CIUDAD DE MÉXICO. — Mariana Gutiérrez, una abogada que presumía de una gran influencia en el medio del espectáculo y la política, se encuentra en el ojo del huracán tras la difusión de un video donde se le observa maltratando a su propia mascota. Lo que comenzó como un intento de intimidación hacia el periodismo, ha escalado a una investigación internacional por parte de la organización PETA (Personas por el Trato Ético de los Animales).
El escándalo estalló cuando el reportero de TV Azteca, Irving Pineda, publicó en su cuenta de X (antes Twitter) un video grabado durante una fiesta.
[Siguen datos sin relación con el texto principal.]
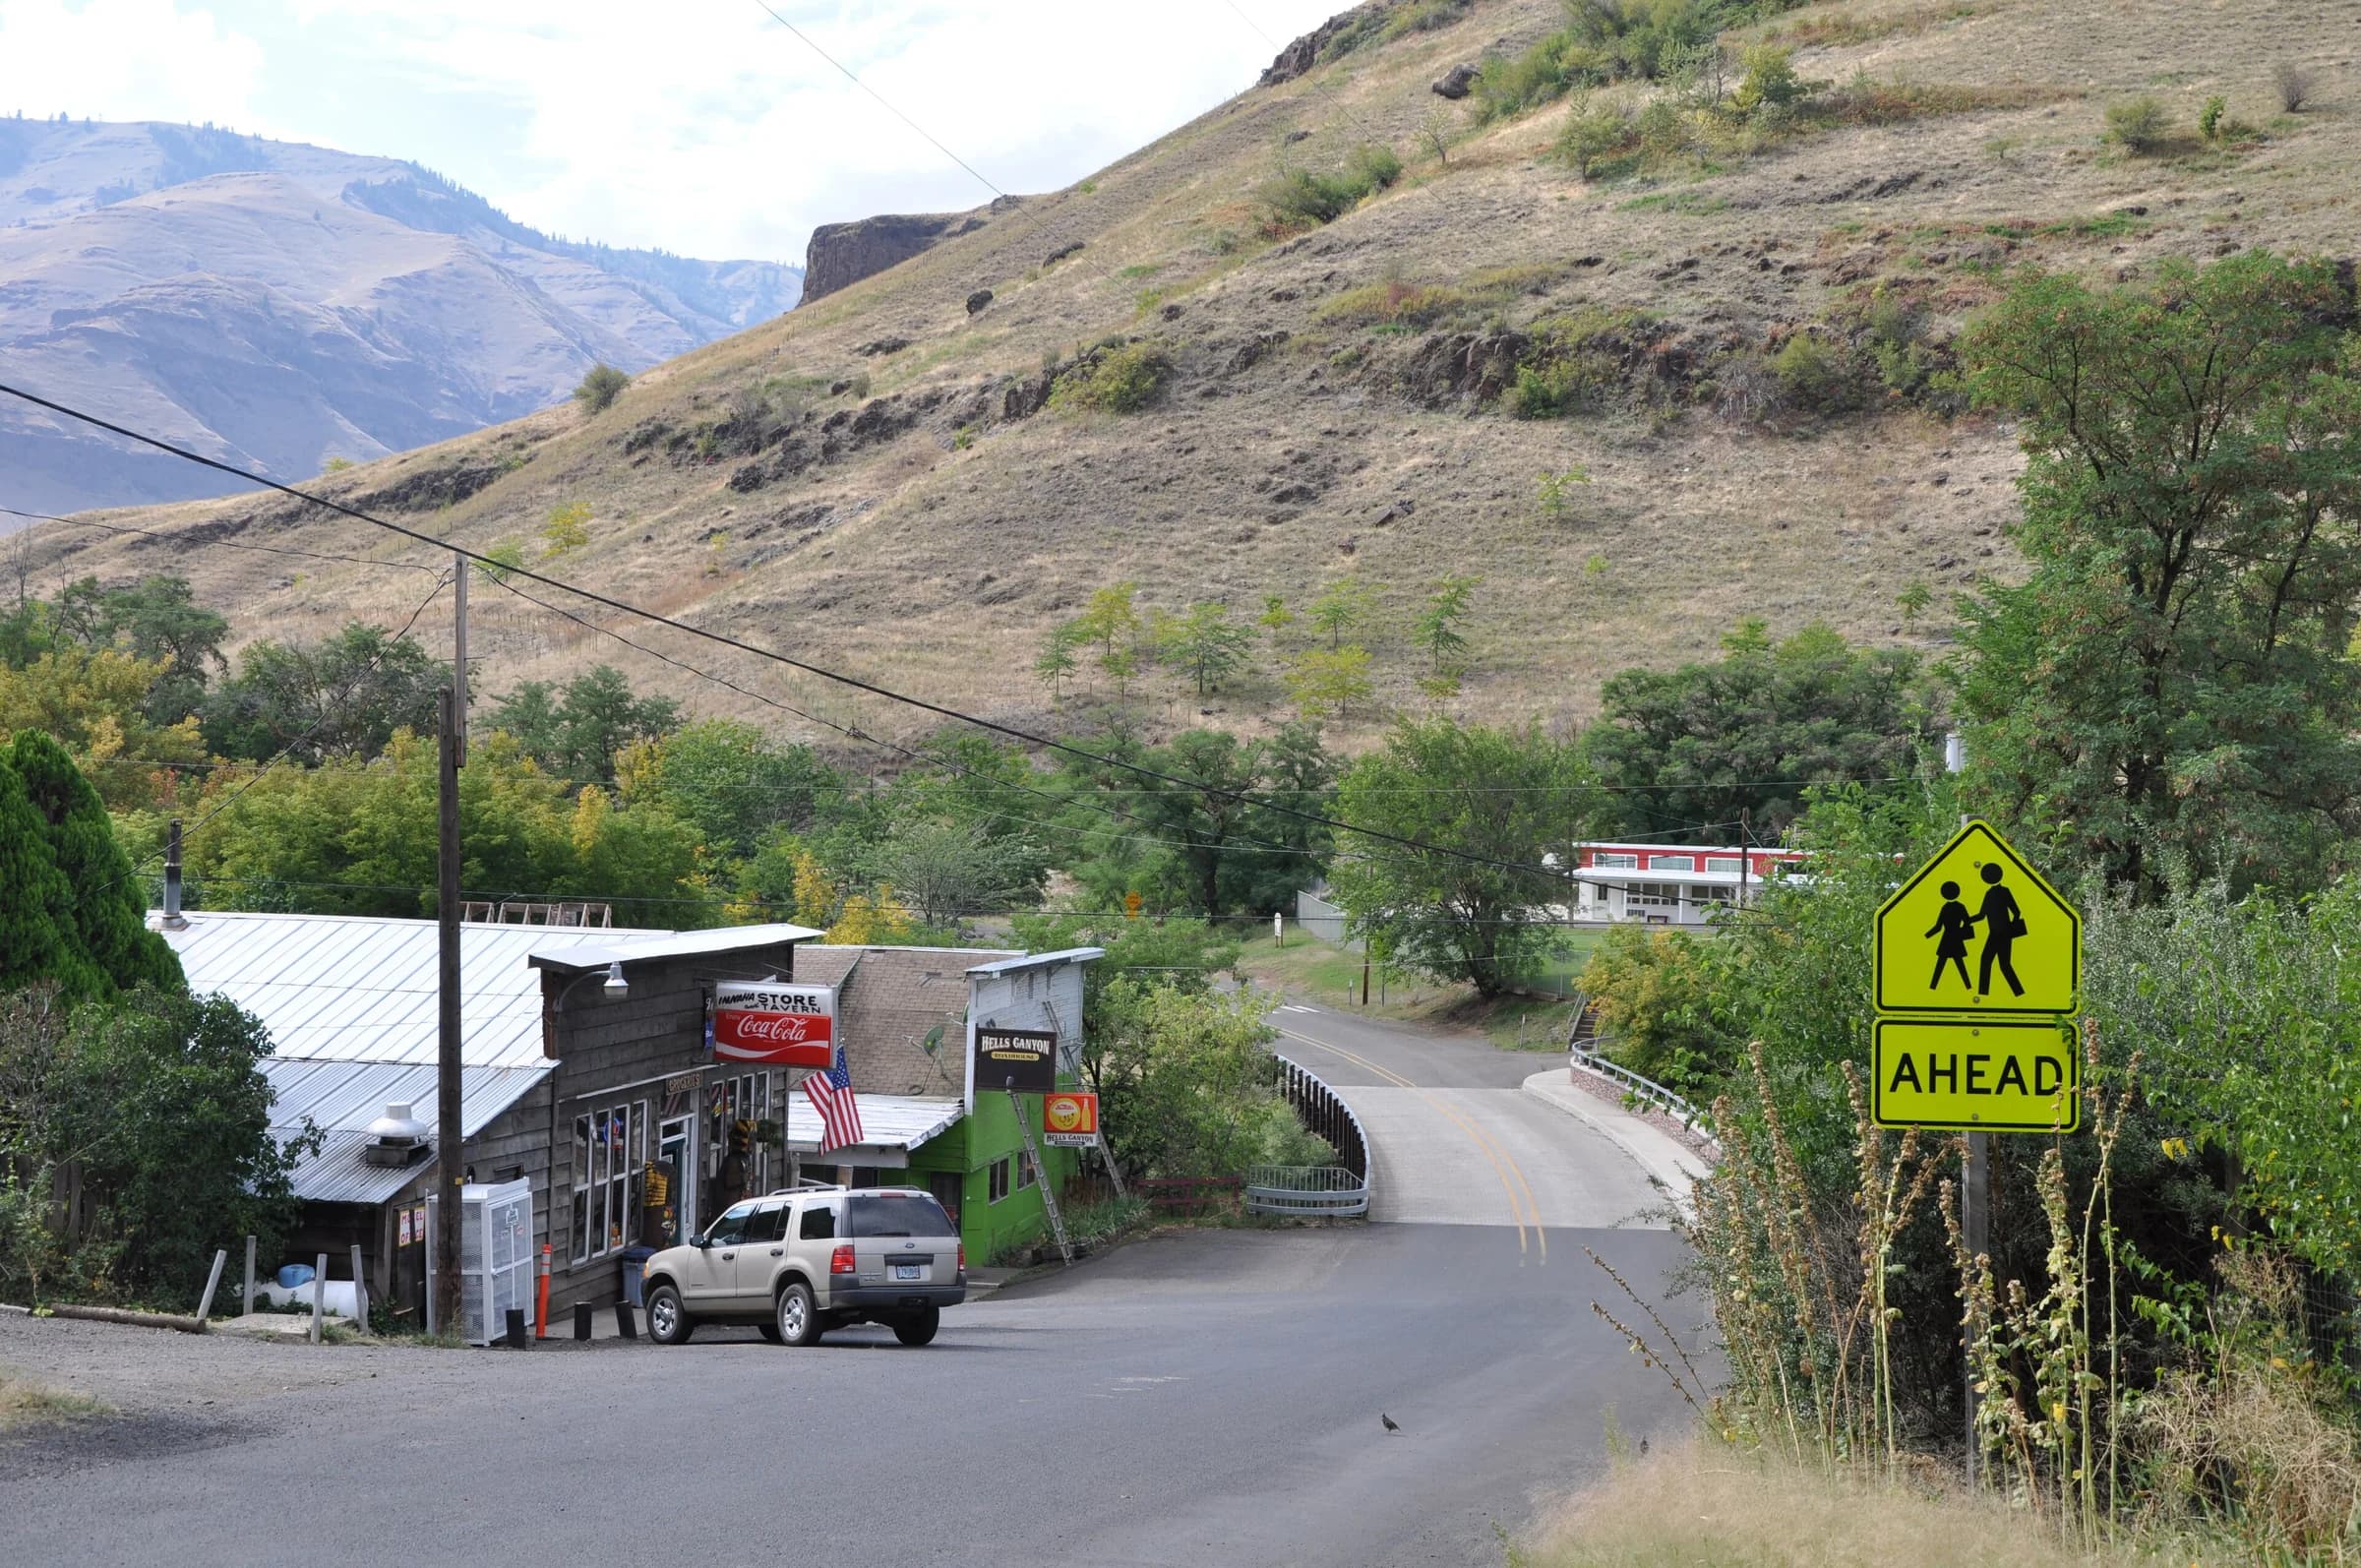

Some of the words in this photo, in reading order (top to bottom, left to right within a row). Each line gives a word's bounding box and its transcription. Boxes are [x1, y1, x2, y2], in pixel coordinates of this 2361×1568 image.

En las imágenes se muestra claramente cómo Gutiérrez zarandea de forma violenta a una pequeña perrita frente a sus invitados. La reacción en redes sociales fue inmediata, desatando una ola masiva de indignación y rechazo contra la litigante.
De las amenazas al deslinde político
Lejos de ofrecer una disculpa, la abogada —conocida por defender legalmente a diversas celebridades y por colaborar con la conductora de espectáculos Shanik Berman— reaccionó arremetiendo contra el periodista. Gutiérrez intentó frenar las críticas alegando tener "altas influencias", asegurando incluso que su hijo mantenía un vínculo muy estrecho con el político Ricardo Monreal.
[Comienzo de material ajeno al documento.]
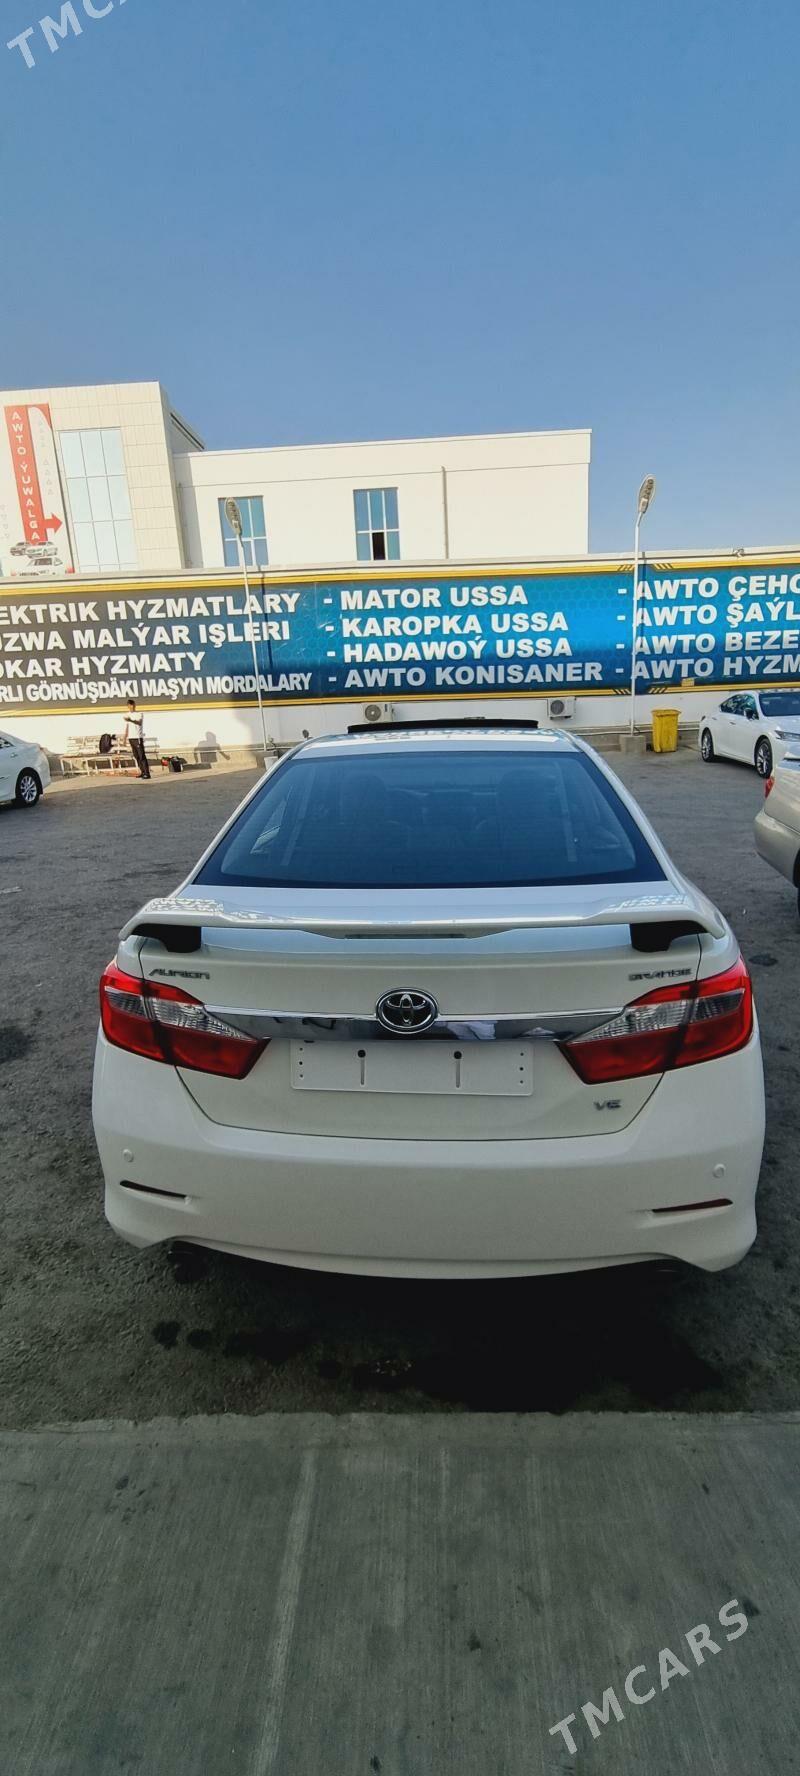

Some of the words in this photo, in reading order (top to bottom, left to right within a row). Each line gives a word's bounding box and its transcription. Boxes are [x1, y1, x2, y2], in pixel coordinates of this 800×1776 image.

[12, 411, 26, 456] AWTO
[341, 588, 442, 610] MATOR
[450, 585, 528, 607] USSA
[636, 577, 719, 600] AWTO
[107, 593, 300, 620] HYZMATLARY
[635, 604, 718, 627] AWTO
[0, 631, 66, 652] ZWA
[73, 623, 191, 649] MALÝAR
[199, 621, 290, 648] IŞLERI
[342, 615, 483, 637] KAROPKA
[491, 612, 569, 633] USSA
[344, 636, 487, 663] HADAWOÝ
[496, 638, 572, 659] USSA
[634, 633, 716, 656] AWTO
[725, 629, 800, 652] BEZE
[0, 658, 64, 678] KAR
[71, 652, 205, 676] HYZMATY
[344, 667, 426, 688] AWTO
[436, 662, 603, 686] KONISANER
[633, 657, 714, 680] AWTO
[26, 677, 138, 703] GÖRNÜŞDÄKI
[141, 677, 203, 700] MAŞYN
[206, 673, 312, 695] MORDALARY
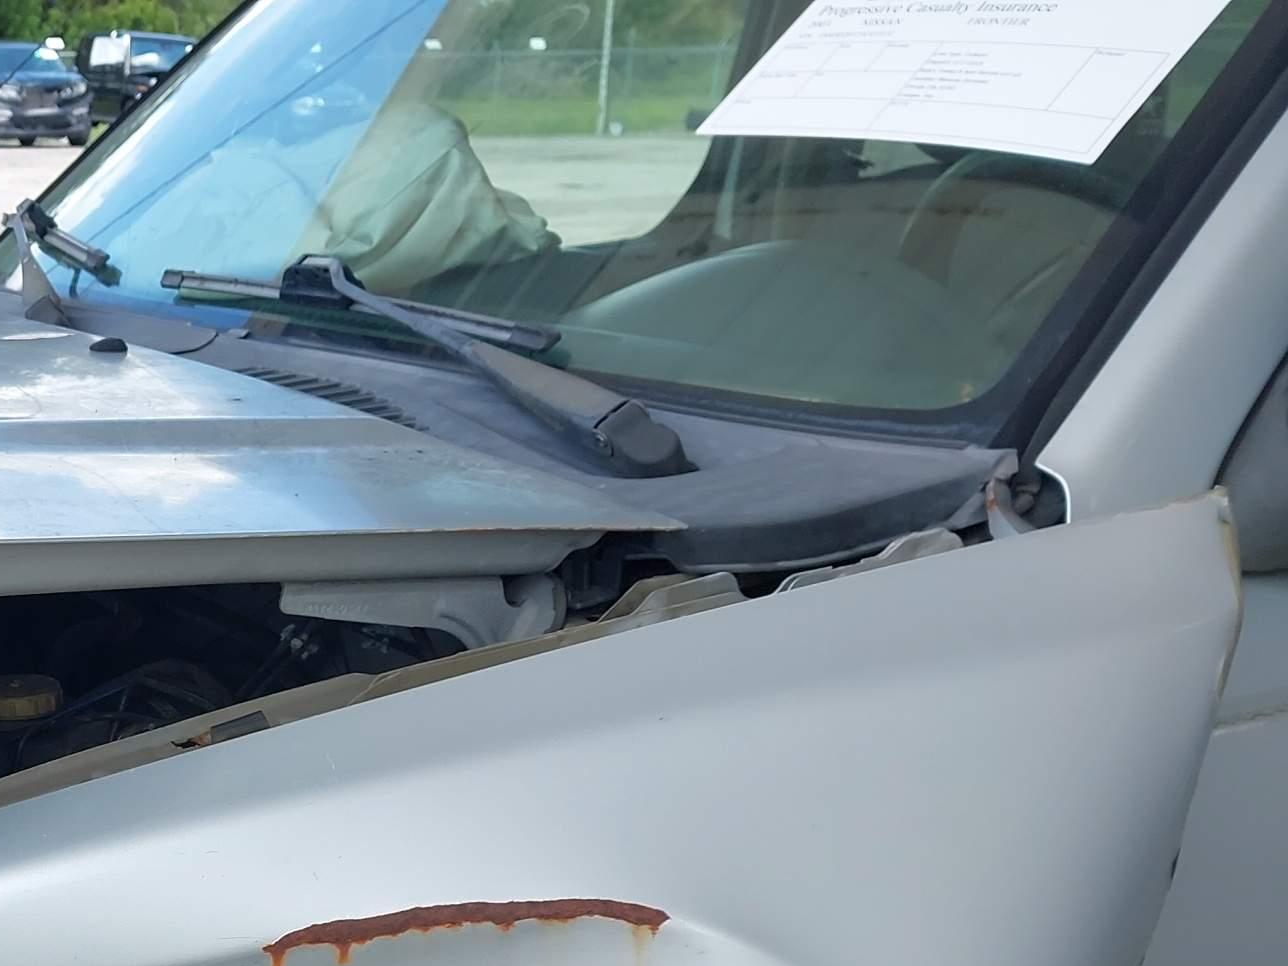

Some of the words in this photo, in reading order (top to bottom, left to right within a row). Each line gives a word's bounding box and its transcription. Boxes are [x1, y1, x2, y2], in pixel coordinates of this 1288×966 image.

[818, 4, 903, 17] Progressive
[905, 1, 968, 15] Casualty
[976, 0, 1058, 12] Insurance
Sin embargo, la estrategia de intimidación se desmoronó rápidamente. El propio Monreal aclaró públicamente la situación, señalando de forma tajante que el único lazo con el joven es estrictamente laboral, desmarcándose por completo de la polémica y del comportamiento de la litigante.
PETA toma cartas en el asunto
El caso ha trascendido las denuncias en redes sociales. La organización internacional de derechos de los animales, PETA, ya analiza el material audiovisual. En un primer pronunciamiento oficial, la organización confirmó de manera contundente que las acciones de Gutiérrez constituyen, sin lugar a dudas, un acto de maltrato animal.
Especialistas en comportamiento canino señalan que el "zarandeo" en los perros simula la forma en que los depredadores matan a sus presas en la naturaleza, lo que causa un severo trauma psicológico y riesgo de lesiones cervicales en el animal.